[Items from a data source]
##########

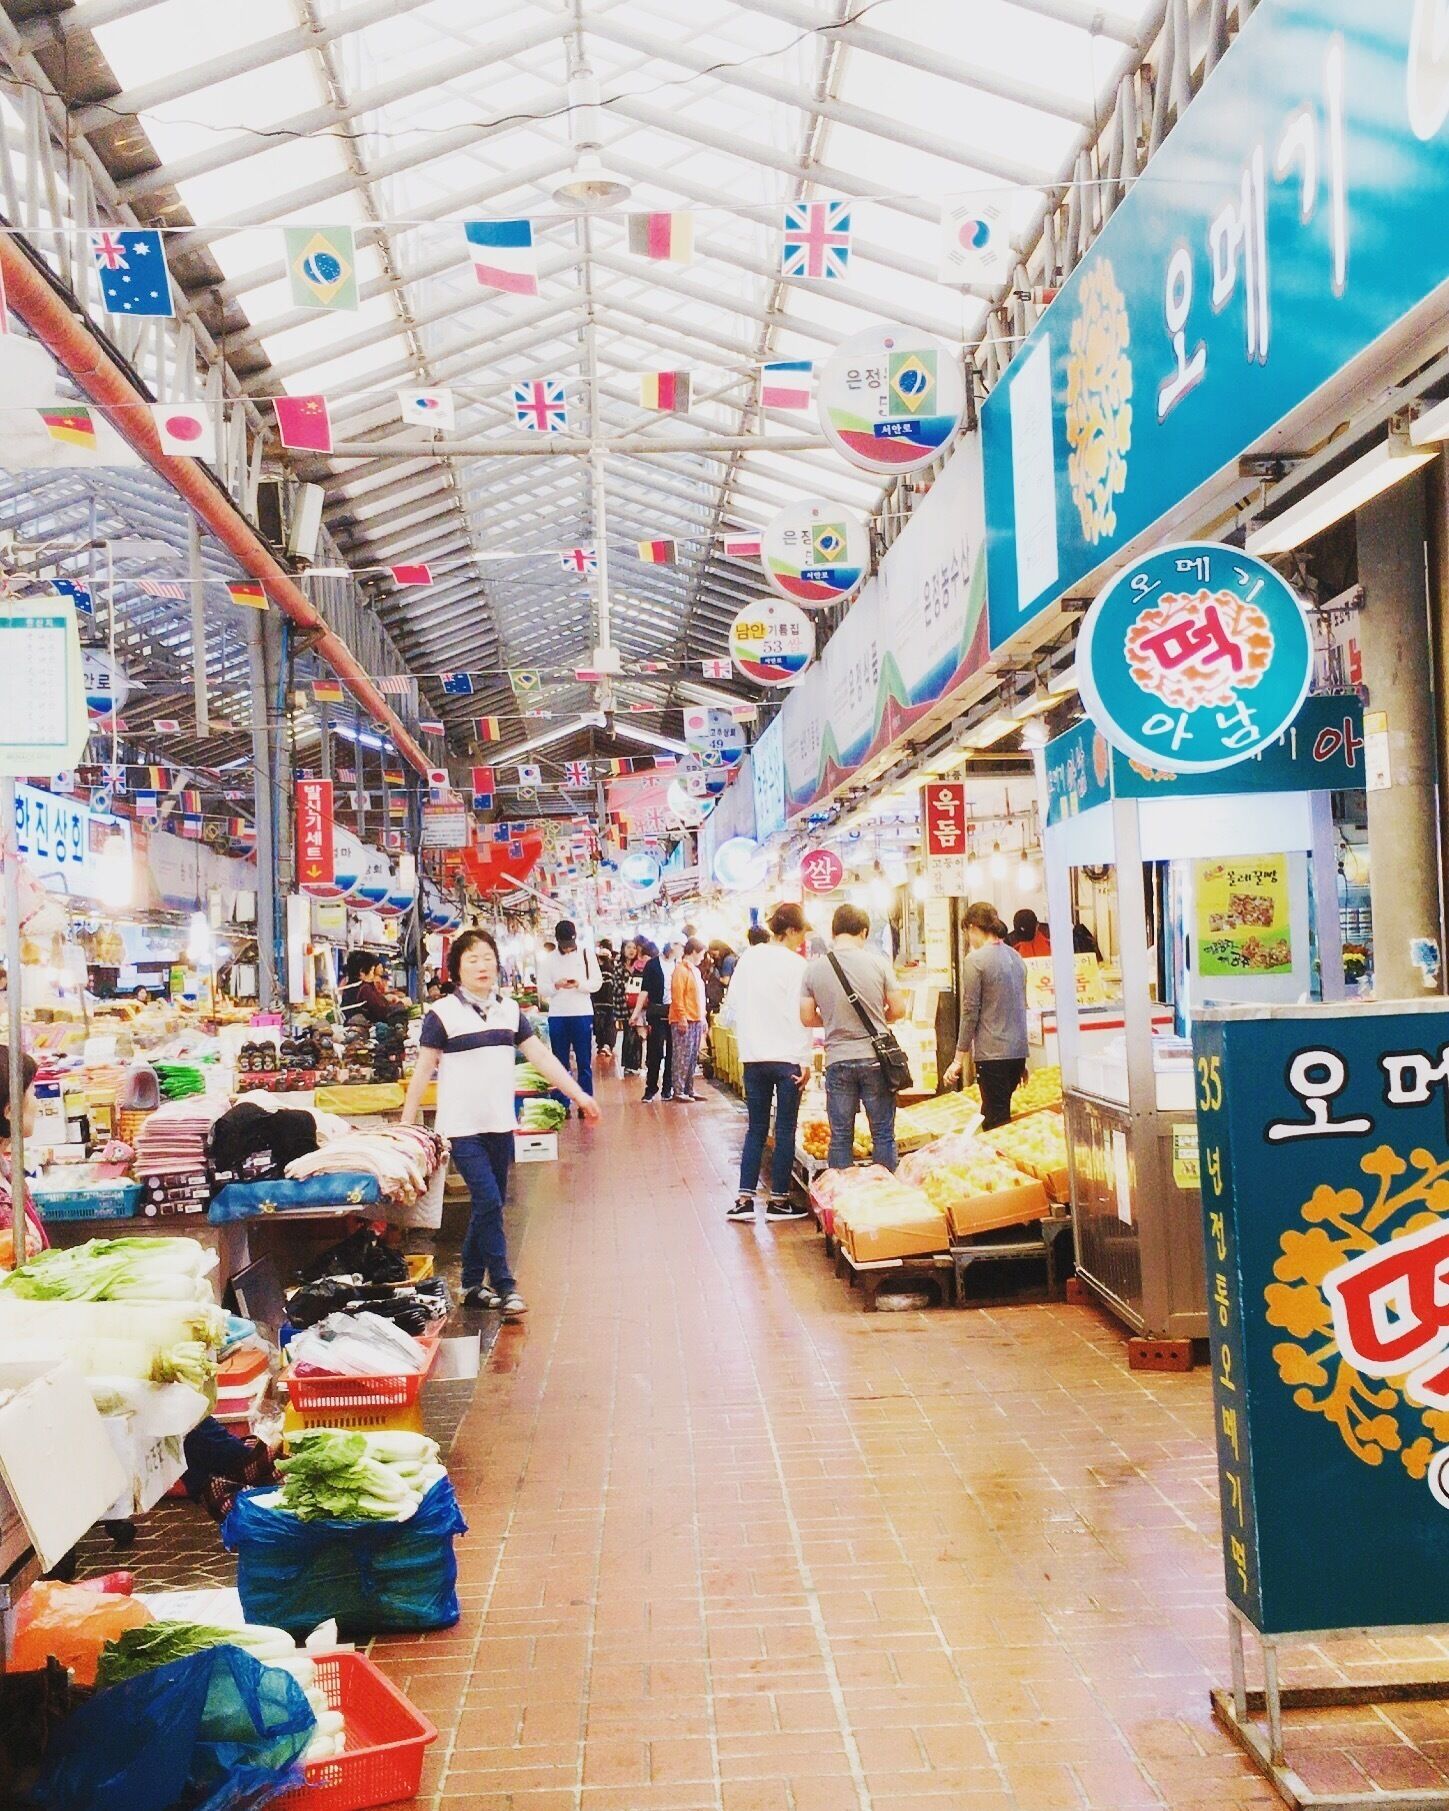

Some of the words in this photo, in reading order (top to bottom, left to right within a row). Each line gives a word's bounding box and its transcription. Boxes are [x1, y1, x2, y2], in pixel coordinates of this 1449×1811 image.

[1131, 556, 1265, 604] 오메기
[1140, 605, 1243, 672] 떡
[1141, 701, 1261, 751] 아남
[16, 795, 84, 864] 한진상회
[303, 785, 323, 861] 발신기세트
[932, 788, 961, 848] 옥돔
[805, 855, 838, 889] 쌀
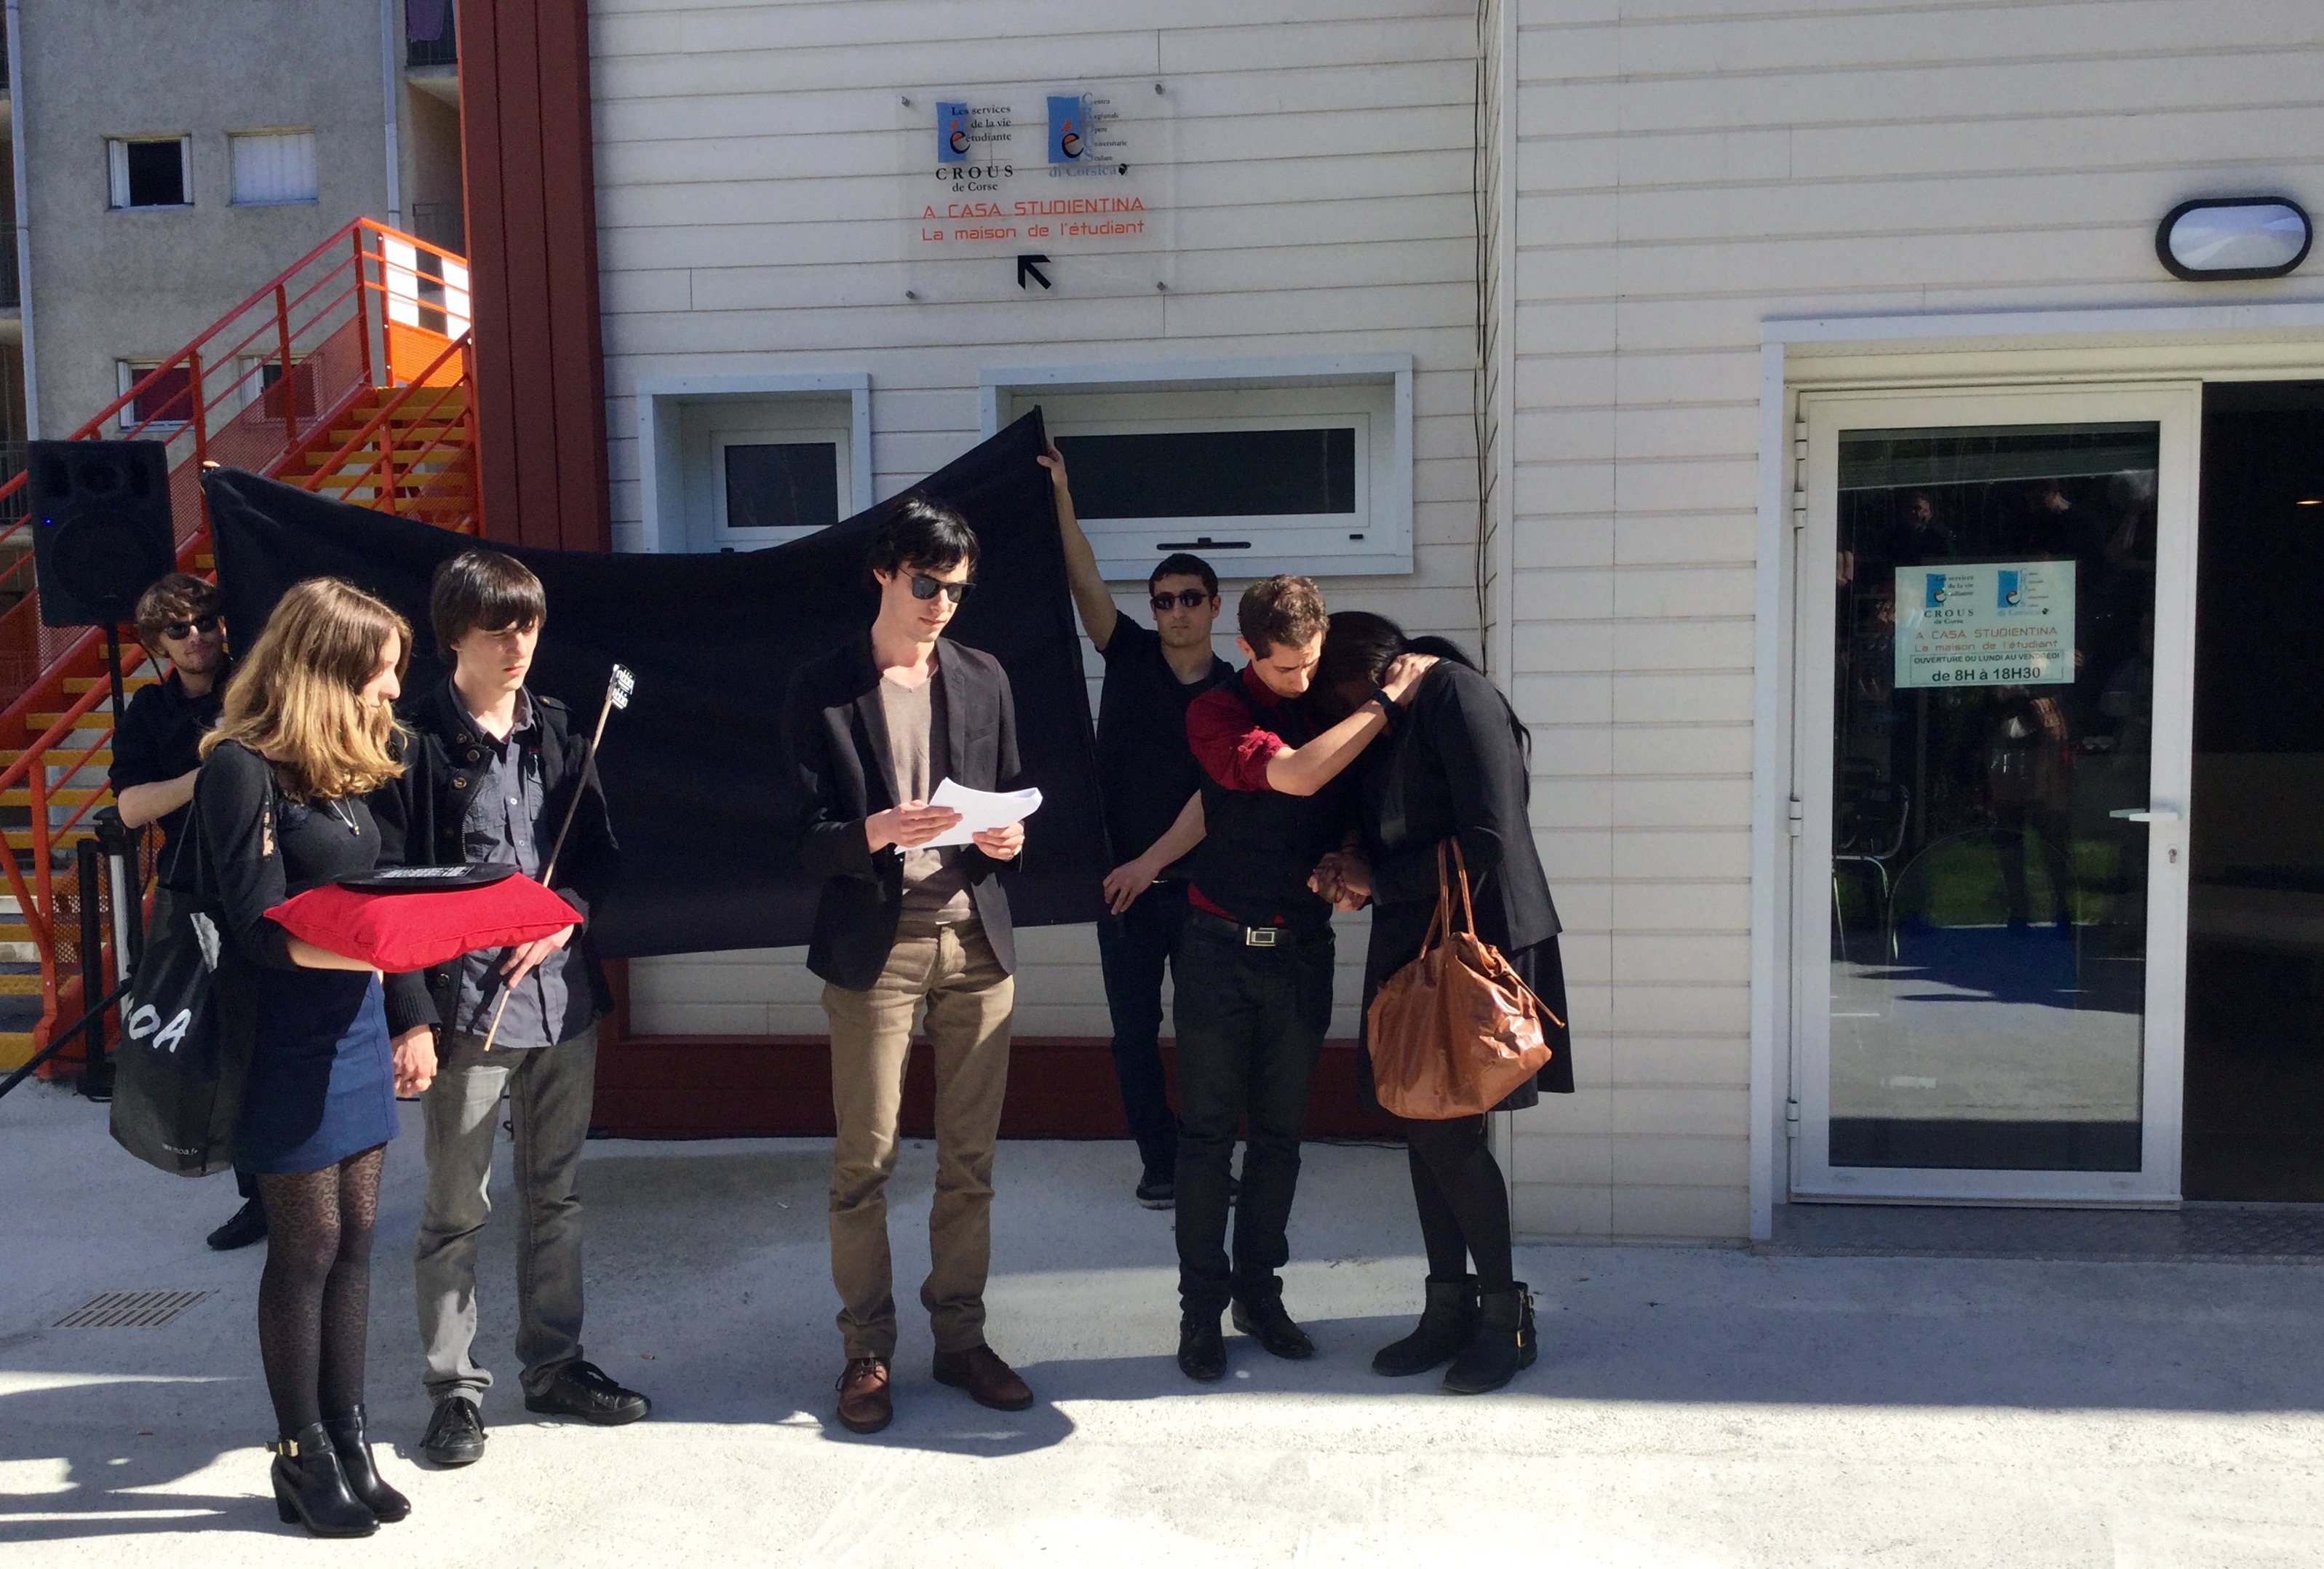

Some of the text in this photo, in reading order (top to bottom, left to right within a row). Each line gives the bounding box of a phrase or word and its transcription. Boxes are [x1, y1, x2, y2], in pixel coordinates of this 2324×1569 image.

##########

## Exercise brief
Hand back the records above exactly, leaving out every picture.

## Task response
Some of the words in this photo, in reading order (top to bottom, left to right within a row). Each line gives a word's bounding box and its transcription. Boxes are [x1, y1, x2, y2], in pixel coordinates of this 1449×1811 image.

[1131, 556, 1265, 604] 오메기
[1140, 605, 1243, 672] 떡
[1141, 701, 1261, 751] 아남
[16, 795, 84, 864] 한진상회
[303, 785, 323, 861] 발신기세트
[932, 788, 961, 848] 옥돔
[805, 855, 838, 889] 쌀

Some of the text in this photo, in reading order (top to bottom, left to right within a row). Each line gives the bounding box of a phrase or word and its transcription. Boxes are [x1, y1, x2, y2], in pixel coordinates of this 2324×1569 image.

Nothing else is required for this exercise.